**Work instruction:** Set down all of the records below exactly, please, omitting the images.

─── The input ───

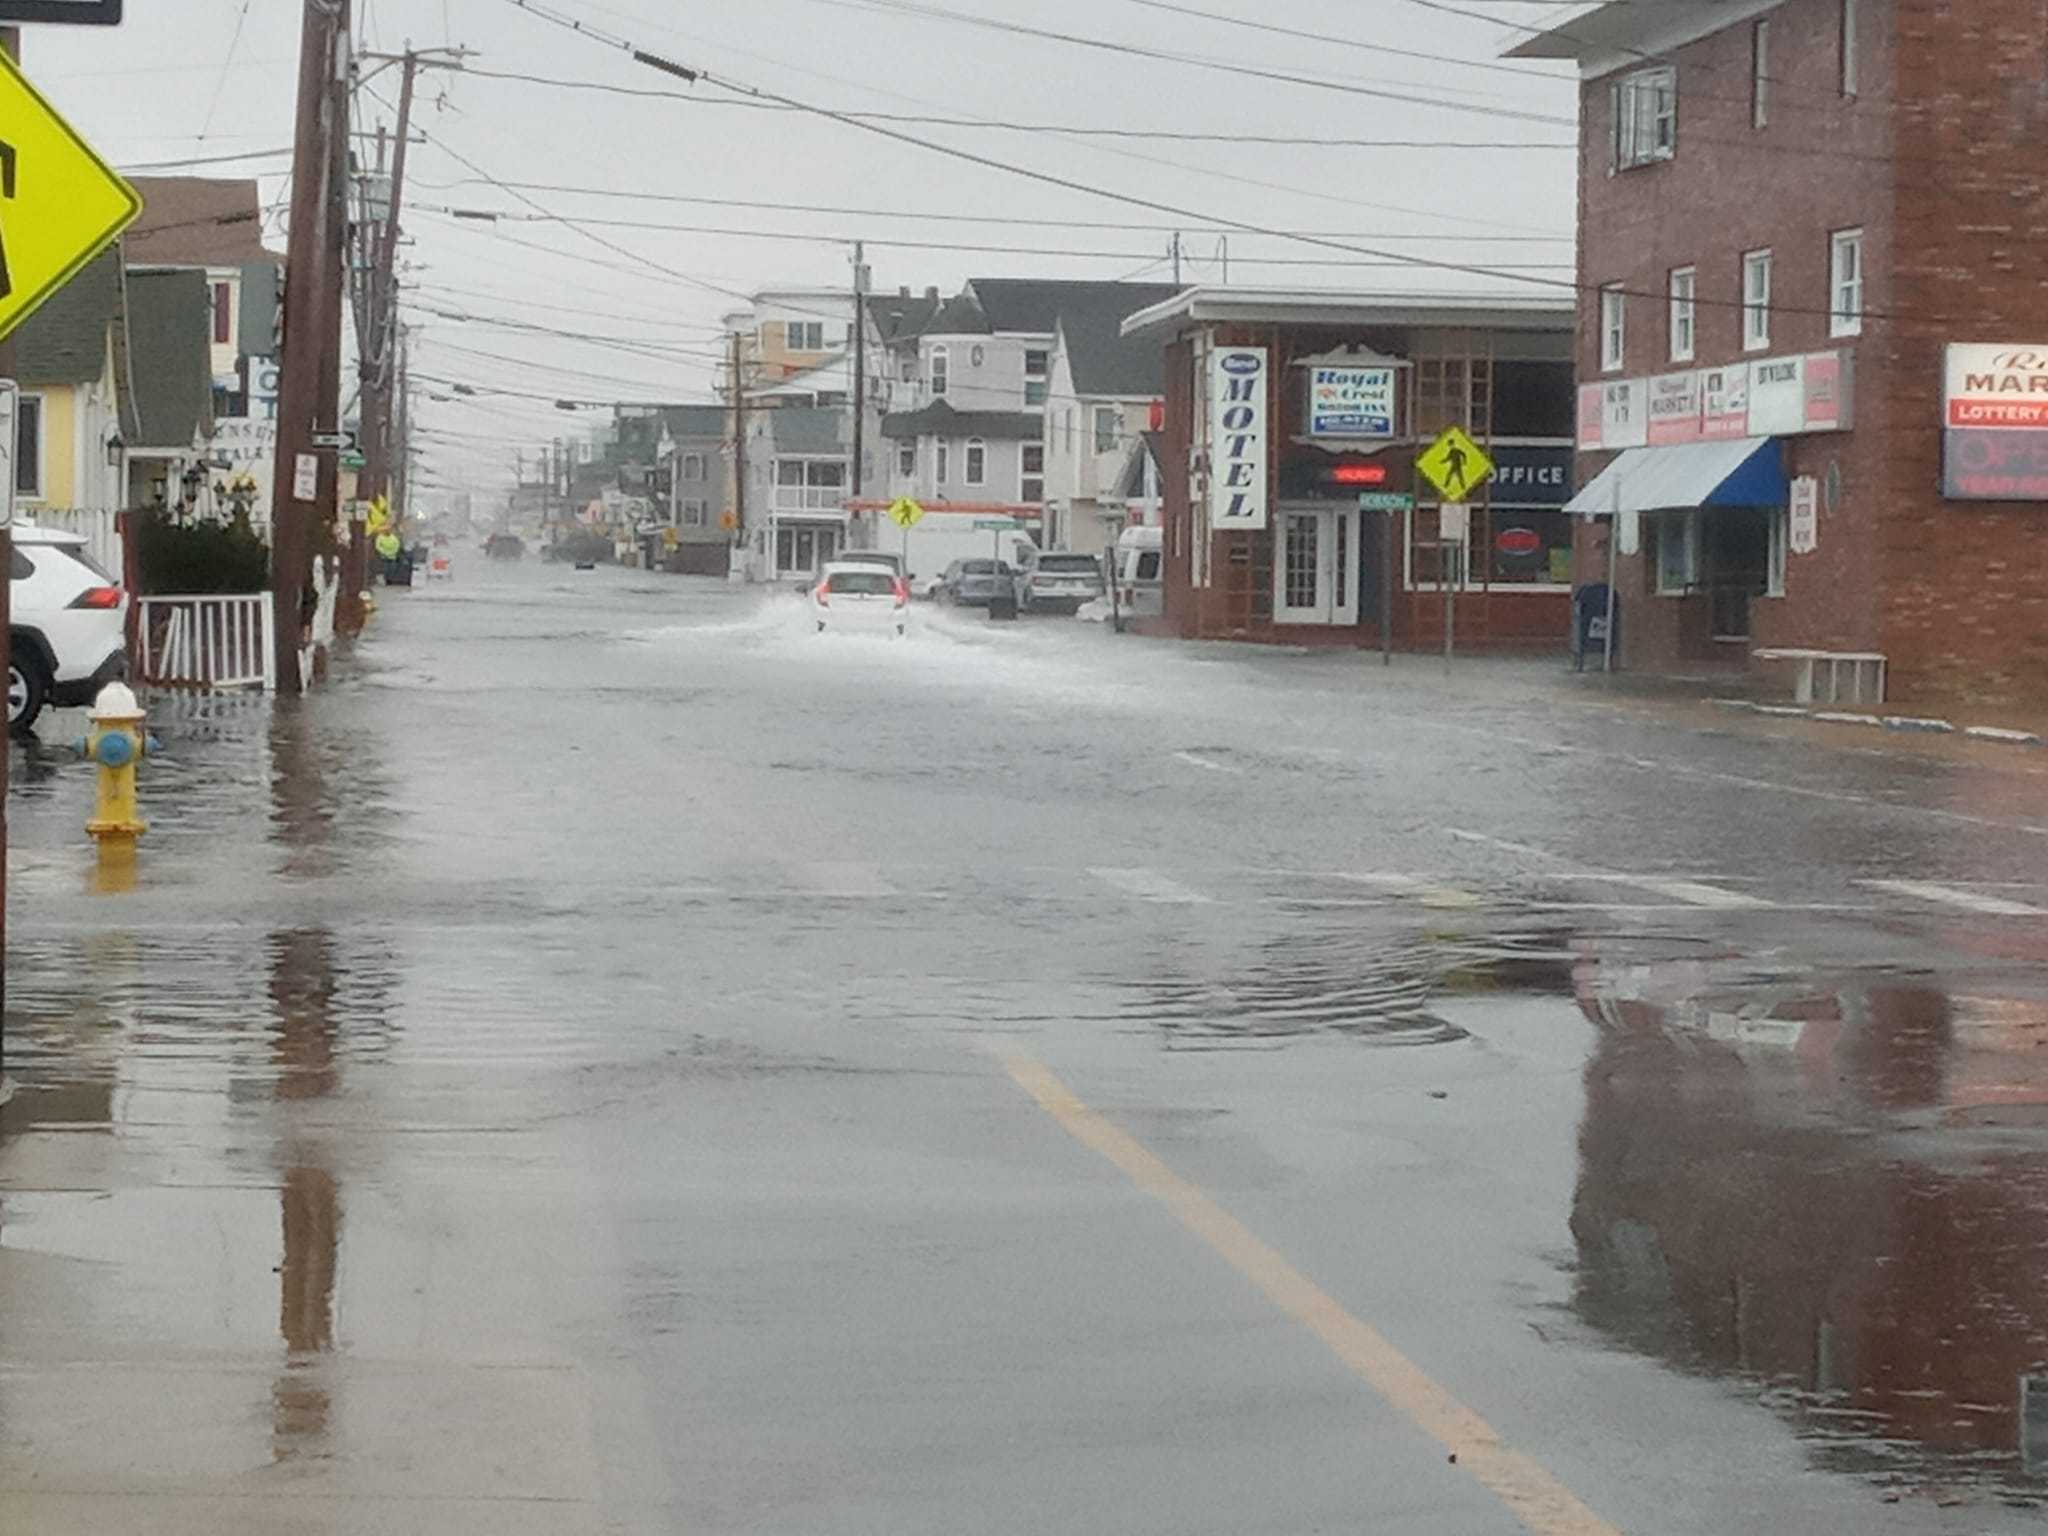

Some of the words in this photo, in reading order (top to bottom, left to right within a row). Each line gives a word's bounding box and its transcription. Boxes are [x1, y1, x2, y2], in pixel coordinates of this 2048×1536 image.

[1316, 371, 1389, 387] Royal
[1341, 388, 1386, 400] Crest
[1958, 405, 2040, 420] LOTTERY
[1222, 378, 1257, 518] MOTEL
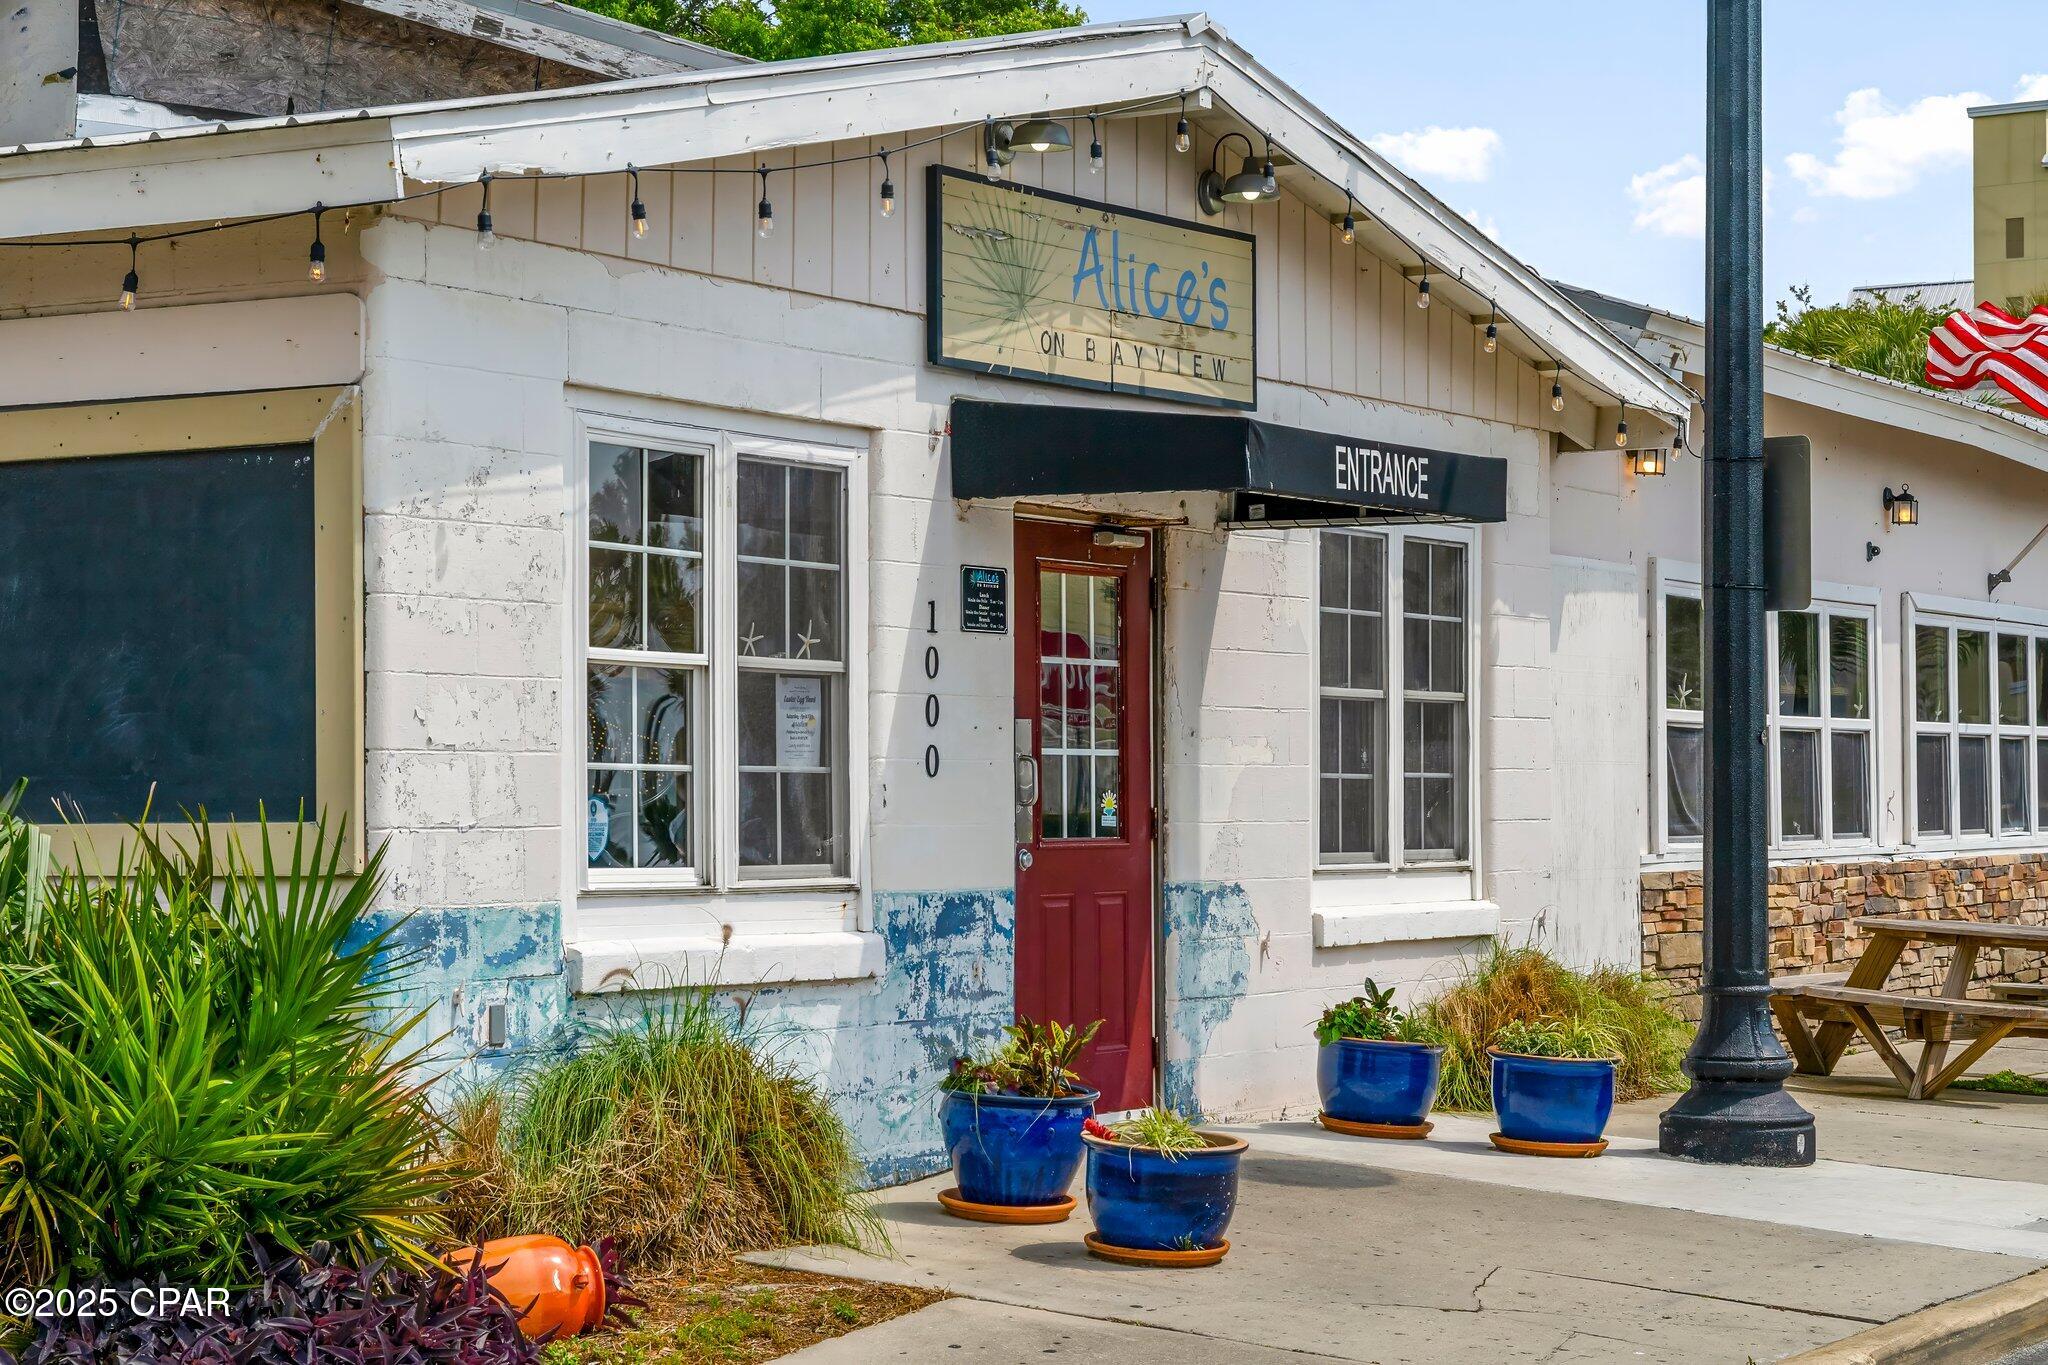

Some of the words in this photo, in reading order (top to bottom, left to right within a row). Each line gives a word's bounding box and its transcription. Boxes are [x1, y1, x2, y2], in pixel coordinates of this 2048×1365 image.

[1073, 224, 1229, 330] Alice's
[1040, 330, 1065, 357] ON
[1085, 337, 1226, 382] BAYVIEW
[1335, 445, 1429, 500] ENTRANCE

───

**Solution for this exercise:**
Some of the words in this photo, in reading order (top to bottom, left to right within a row). Each line gives a word's bounding box and its transcription. Boxes are [x1, y1, x2, y2], in pixel coordinates of this 2048×1536 image.

[1316, 371, 1389, 387] Royal
[1341, 388, 1386, 400] Crest
[1958, 405, 2040, 420] LOTTERY
[1222, 378, 1257, 518] MOTEL

Some of the words in this photo, in reading order (top to bottom, left to right within a row). Each line gives a word's bounding box and its transcription. Boxes are [x1, y1, x2, y2], in pixel coordinates of this 2048×1365 image.

[1073, 224, 1229, 330] Alice's
[1040, 330, 1065, 357] ON
[1085, 337, 1226, 382] BAYVIEW
[1335, 445, 1429, 500] ENTRANCE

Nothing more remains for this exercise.